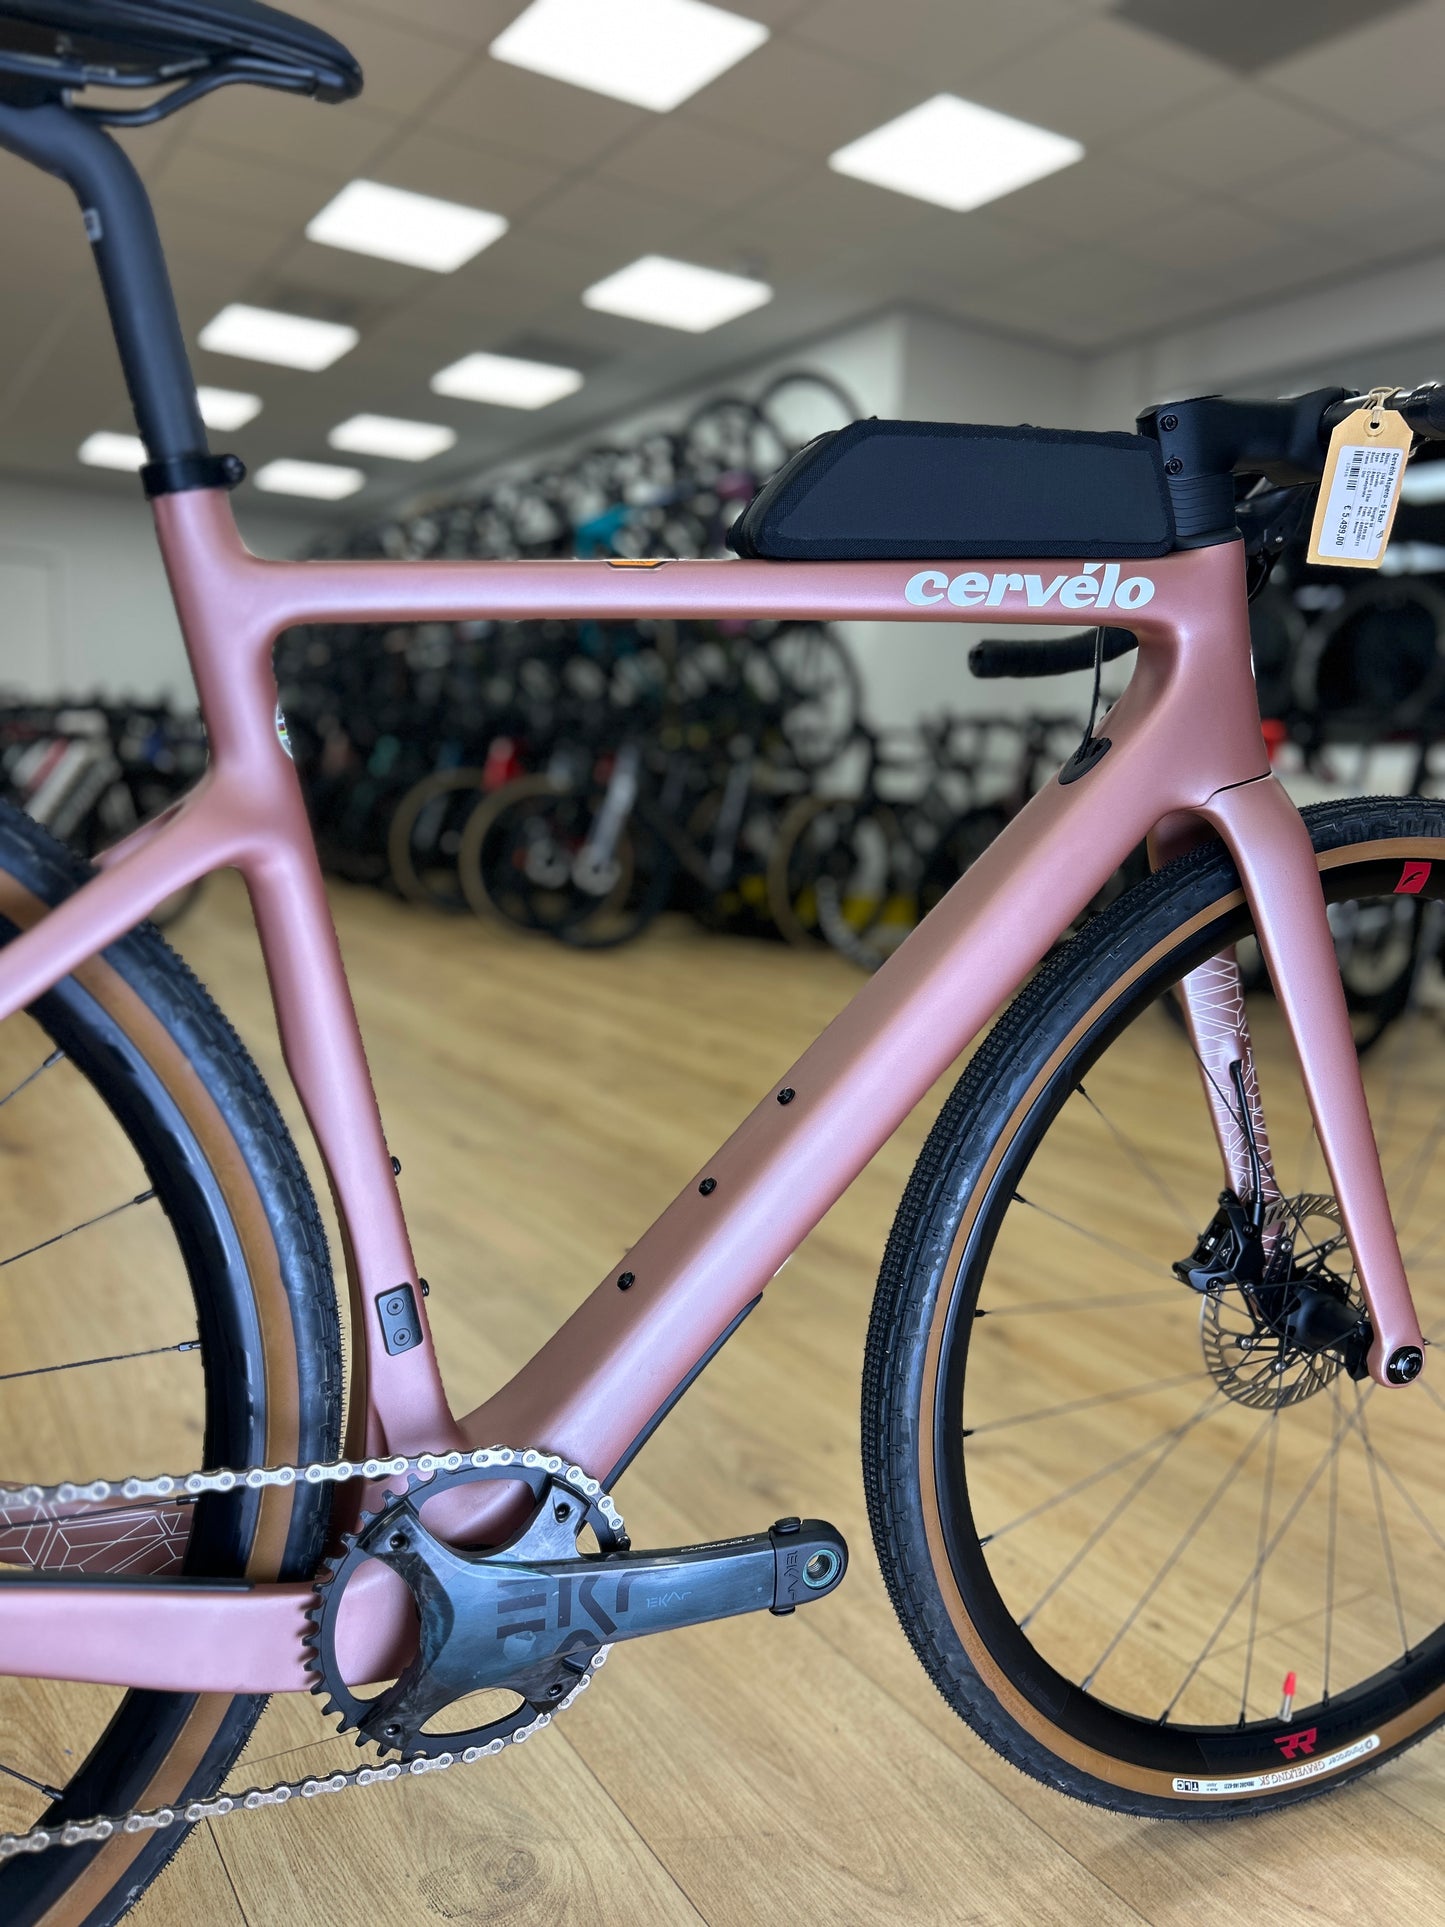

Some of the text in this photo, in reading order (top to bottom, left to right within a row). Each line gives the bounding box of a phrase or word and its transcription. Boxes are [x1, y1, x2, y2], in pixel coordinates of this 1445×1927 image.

[1334, 512, 1349, 545] 5.499,00
[1377, 510, 1385, 522] Ekar
[904, 563, 1155, 610] cervélo
[1259, 1744, 1364, 1787] Panaracer GRAVELKING SK
[1177, 1780, 1199, 1792] TLC
= = =
The material above must be set down word for word, with no picture carried over.

Some of the text in this photo, in reading order (top to bottom, left to right within a row). Each line gives the bounding box of a phrase or word and its transcription. Boxes are [x1, y1, x2, y2], in pixel coordinates of this 1445×1927 image.

[1334, 512, 1349, 545] 5.499,00
[1377, 510, 1385, 522] Ekar
[904, 563, 1155, 610] cervélo
[1259, 1744, 1364, 1787] Panaracer GRAVELKING SK
[1177, 1780, 1199, 1792] TLC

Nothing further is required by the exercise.